The Commission believes that the proposed changes are consistent with 
promoting robust risk management because they are designed to enable 
FICC to better limit its exposure to Clearing Members in the event of 
Clearing Member default.
    First, FICC proposes to implement the sensitivity approach to its 
VaR Charge calculation. The change would enable FICC to better limit 
its exposure to Clearing Members by correcting deficiencies in MBSD's 
existing VaR methodology by leveraging an external vendor's expertise 
in supplying market risk attributes used to calculate the VaR Charge in 
the proposed sensitivity approach. In turn, the sensitivity approach 
would enable FICC to view and respond more effectively to market 
volatility by allowing FICC to attribute market price moves to various 
risk factors such as key rates. Second, the proposal to implement the 
Margin Proxy as a back-up methodology to the sensitivity approach would 
enable FICC to better limit its exposure to Clearing Members by helping 
ensure that FICC could continue to calculate each Clearing Member's VaR 
Charge in the event that FICC experiences a data disruption with the 
vendor that supplies the sensitivity data. Third, FICC's proposal to 
implement the VaR Floor is designed to enable FICC to better limit its 
exposure to Clearing Members in the event that the proposed sensitivity 
VaR model calculates too low of a VaR Charge for portfolios where the 
model applies substantial offsets from certain offsetting long and 
short positions.
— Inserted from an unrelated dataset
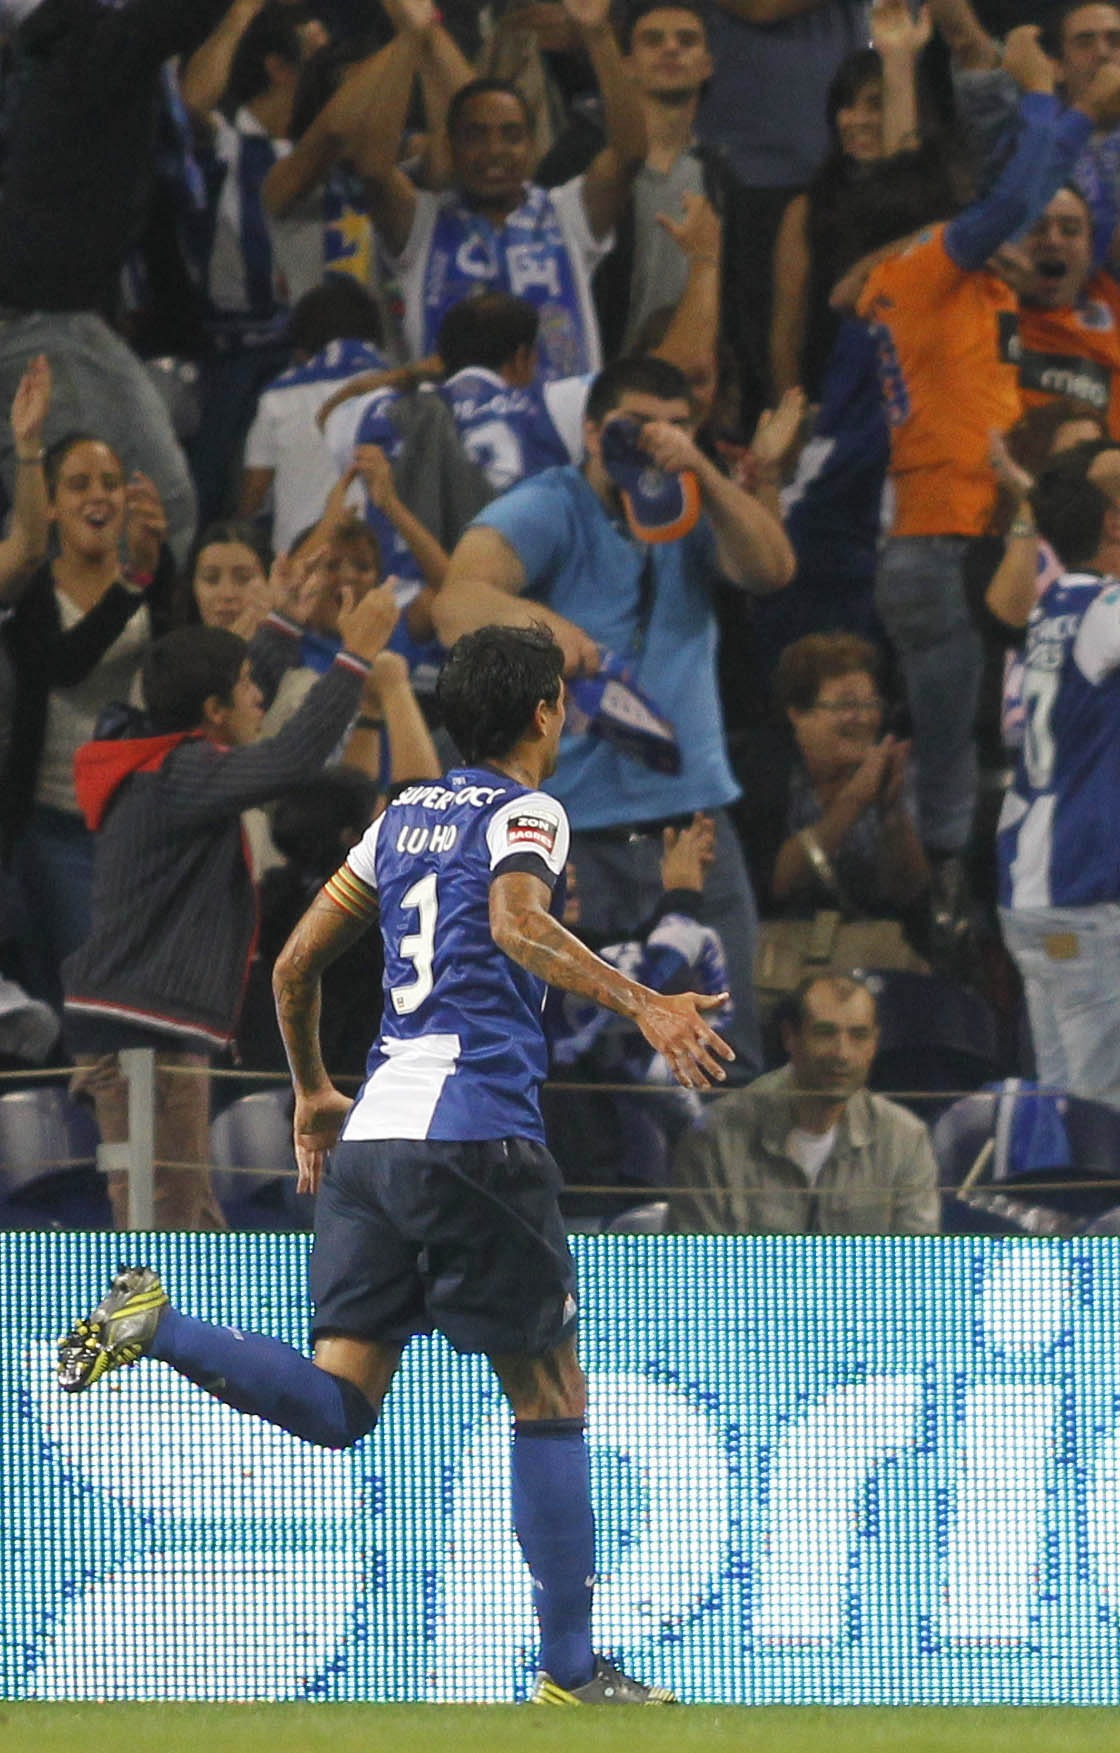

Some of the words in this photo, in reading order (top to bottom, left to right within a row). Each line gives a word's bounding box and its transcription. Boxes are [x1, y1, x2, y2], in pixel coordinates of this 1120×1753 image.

[396, 824, 457, 854] LUHO
[517, 817, 550, 832] ZON
[391, 873, 438, 1015] 3
Fourth, the proposed change to

[[Page 8559]]

implement a haircut method for securities with inadequate historical 
pricing data would enable FICC to better limit its exposure to Clearing 
Members by better capturing the risk profile of the securities. 
Finally, FICC's proposal to remove the Coverage Charge and MRD 
components would enable FICC to remove unnecessary components from the 
Clearing Fund calculation that may not be indicative of a Clearing 
Member's current risk profile.
    Therefore, because the proposal is designed to enable FICC to 
better limit its exposure to Clearing Members in the manner described 
above, the Commission believes it is consistent with promoting robust 
risk management.
    Furthermore, the Commission believes that the changes proposed in 
the advance notice are consistent with promoting safety and soundness, 
which, in turn, is consistent with reducing systemic risks and 
supporting the stability of the broader financial system, consistent 
with Section 805(b) of the Clearing Supervision Act.\40\ The proposed 
changes are designed to better limit FICC's exposure to Clearing 
Members in the event of Clearing Member default. As discussed above, 
the sensitivity approach would enable FICC to view and respond more 
effectively to market volatility. The Margin Proxy would help manage 
data disruption. The VaR Floor would ensure FICC collects at least a 
minimum VaR Charge. The haircut method would better capture the risk 
profile of securities with inadequate historical pricing data. Finally, 
removing the Coverage Charge and MRD would help ensure the Clearing 
Fund calculation would not include unnecessary components that may not 
be indicative of a Clearing Member's current risk profile. By better 
limiting exposure to Clearing Members, the proposed changes are 
designed to ensure that, in the event of Clearing Member default, 
MBSD's operations would not be disrupted and non-defaulting Clearing 
Members would not be exposed to losses that they cannot anticipate or 
control. This is consistent with promoting safety and soundness, which 
in turn, is consistent with reducing systemic risks and supporting the 
stability of the broader financial system.
---------------------------------------------------------------------------

    \40\ Id.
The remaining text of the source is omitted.